**Work to be completed**
Look below for the line containing "this 1600×1067 image.". Output it and each remaining line of the entries exactly, and nothing else.

-- Data for the task follows --

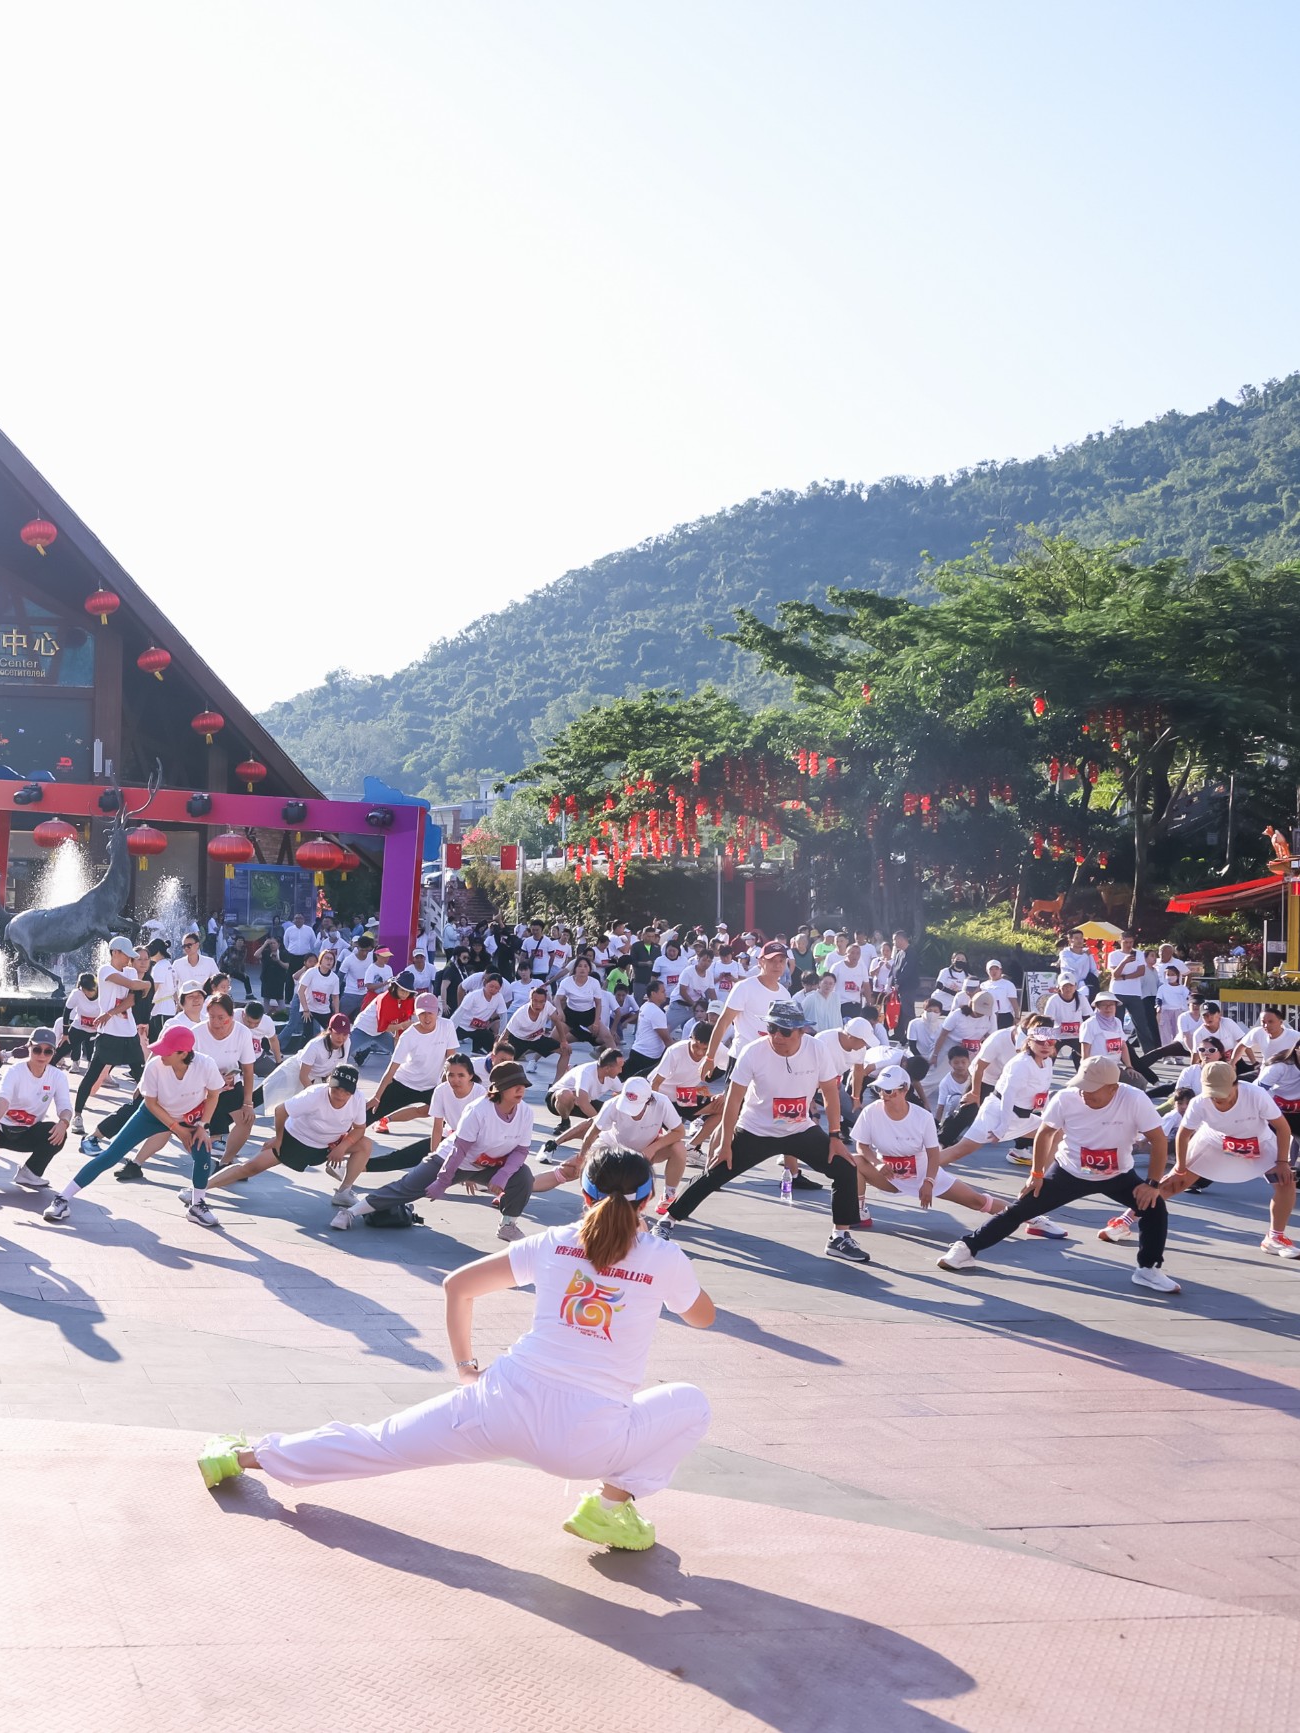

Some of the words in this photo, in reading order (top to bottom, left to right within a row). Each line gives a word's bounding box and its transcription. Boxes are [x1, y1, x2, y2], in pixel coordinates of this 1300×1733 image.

[0, 657, 38, 668] Center
[777, 1102, 804, 1114] 020
[187, 1110, 204, 1123] 02
[1226, 1141, 1255, 1152] 025
[1086, 1154, 1112, 1167] 021
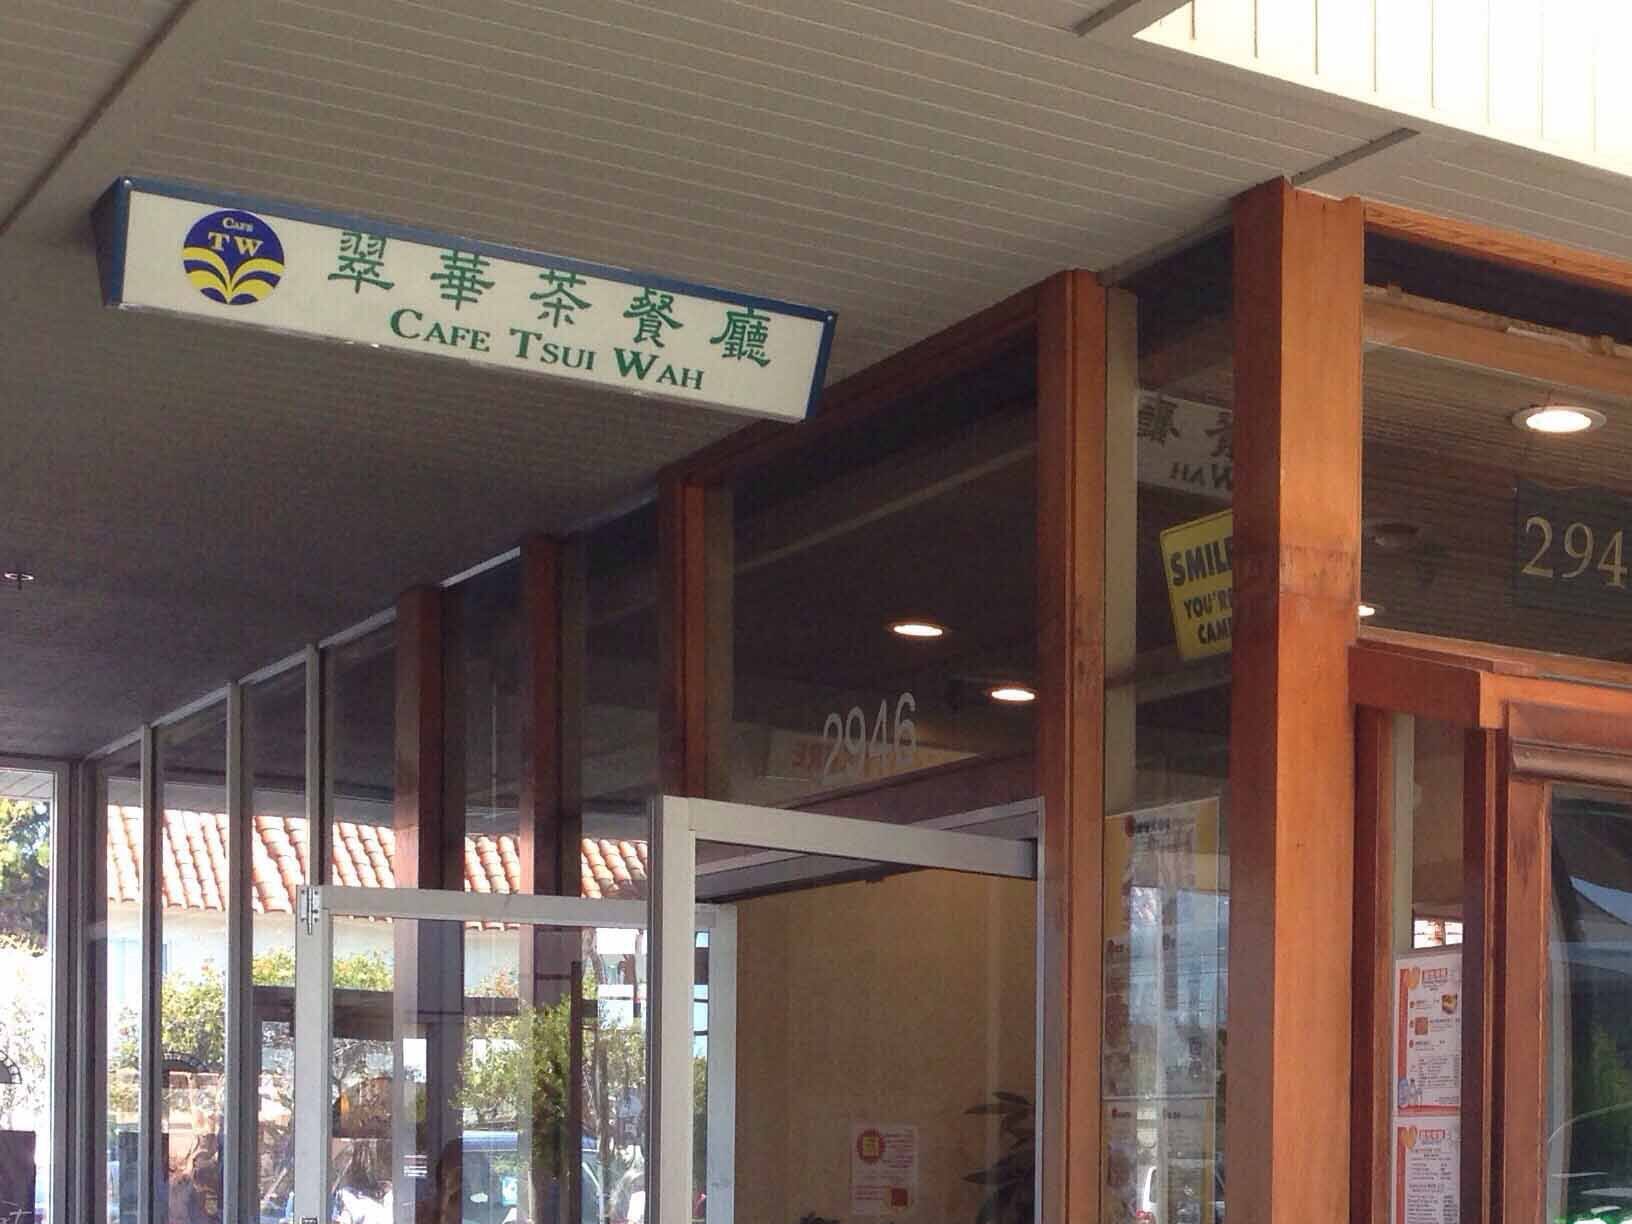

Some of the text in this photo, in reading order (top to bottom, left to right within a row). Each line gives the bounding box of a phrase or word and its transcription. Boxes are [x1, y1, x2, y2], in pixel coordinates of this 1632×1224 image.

[208, 231, 264, 257] TW
[328, 231, 771, 368] 翠華茶餐廳
[390, 308, 705, 391] CAFE TSUI WAH
[823, 692, 917, 776] 2946
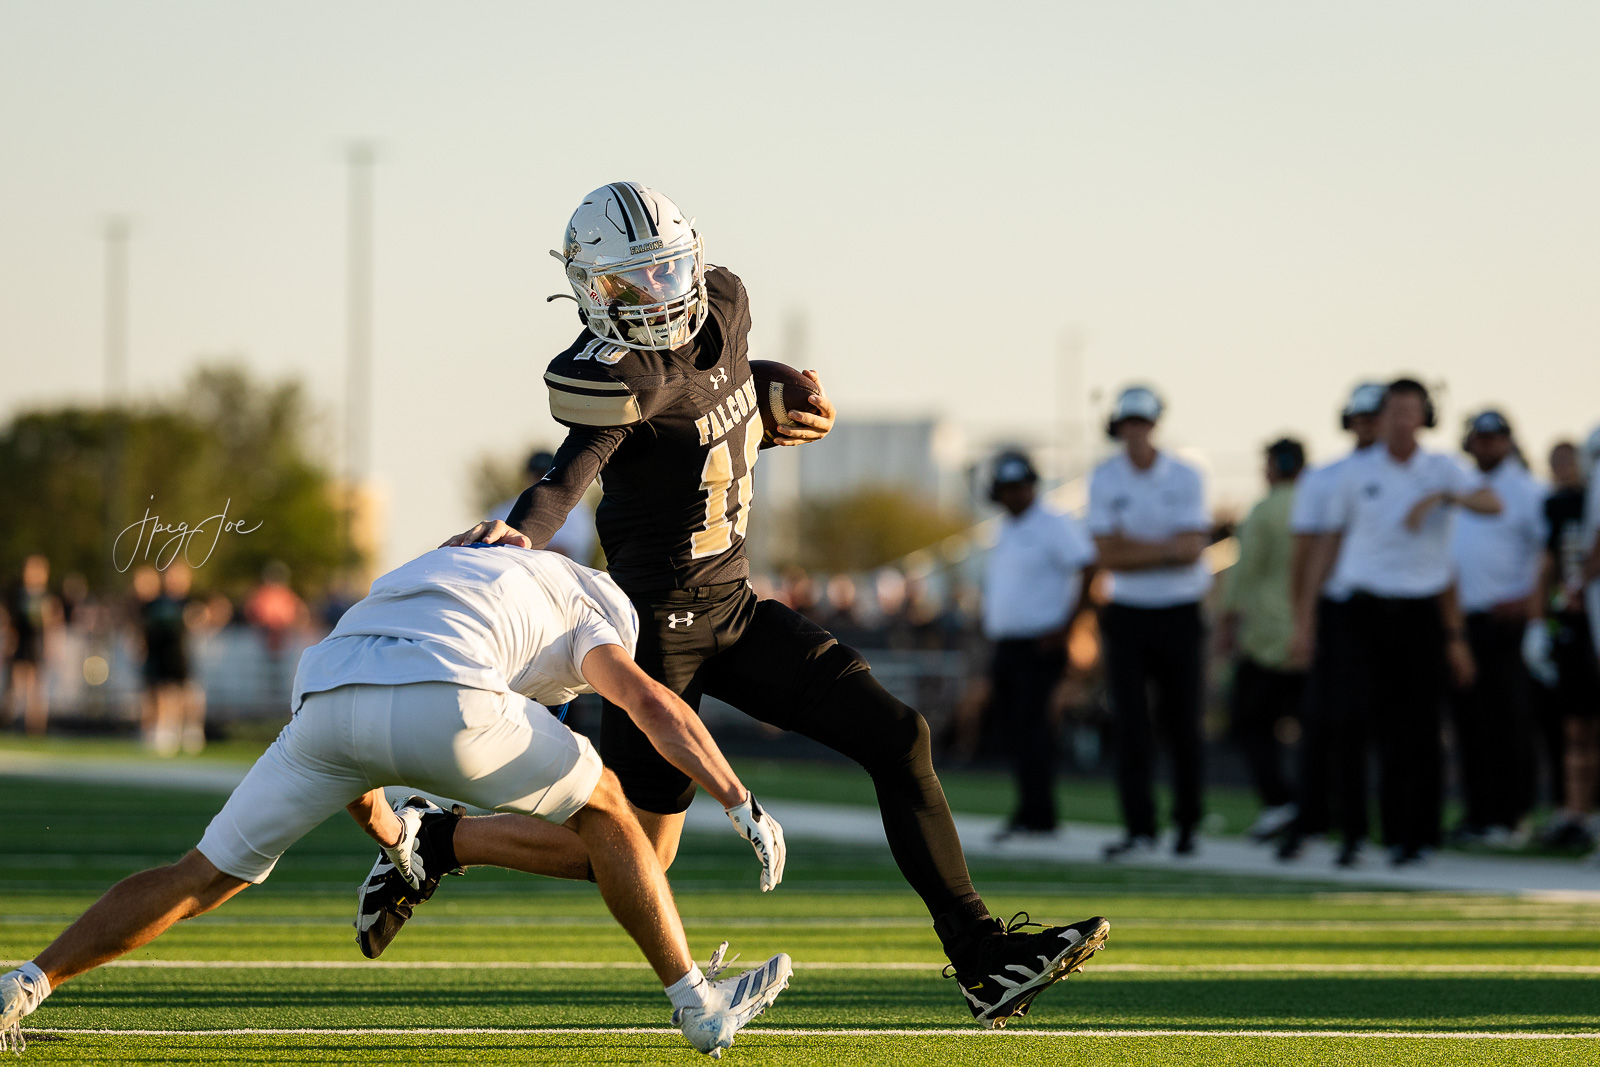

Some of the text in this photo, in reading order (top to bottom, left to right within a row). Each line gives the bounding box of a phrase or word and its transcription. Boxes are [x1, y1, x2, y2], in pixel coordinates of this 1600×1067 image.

[630, 240, 664, 255] FALCONS
[573, 337, 631, 365] 10
[694, 373, 757, 447] FALCON

-- Data for the task concluded --

**Finished exercise**
Some of the text in this photo, in reading order (top to bottom, left to right within a row). Each line gives the bounding box of a phrase or word and its transcription. Boxes are [x1, y1, x2, y2], in pixel coordinates of this 1600×1067 image.

[630, 240, 664, 255] FALCONS
[573, 337, 631, 365] 10
[694, 373, 757, 447] FALCON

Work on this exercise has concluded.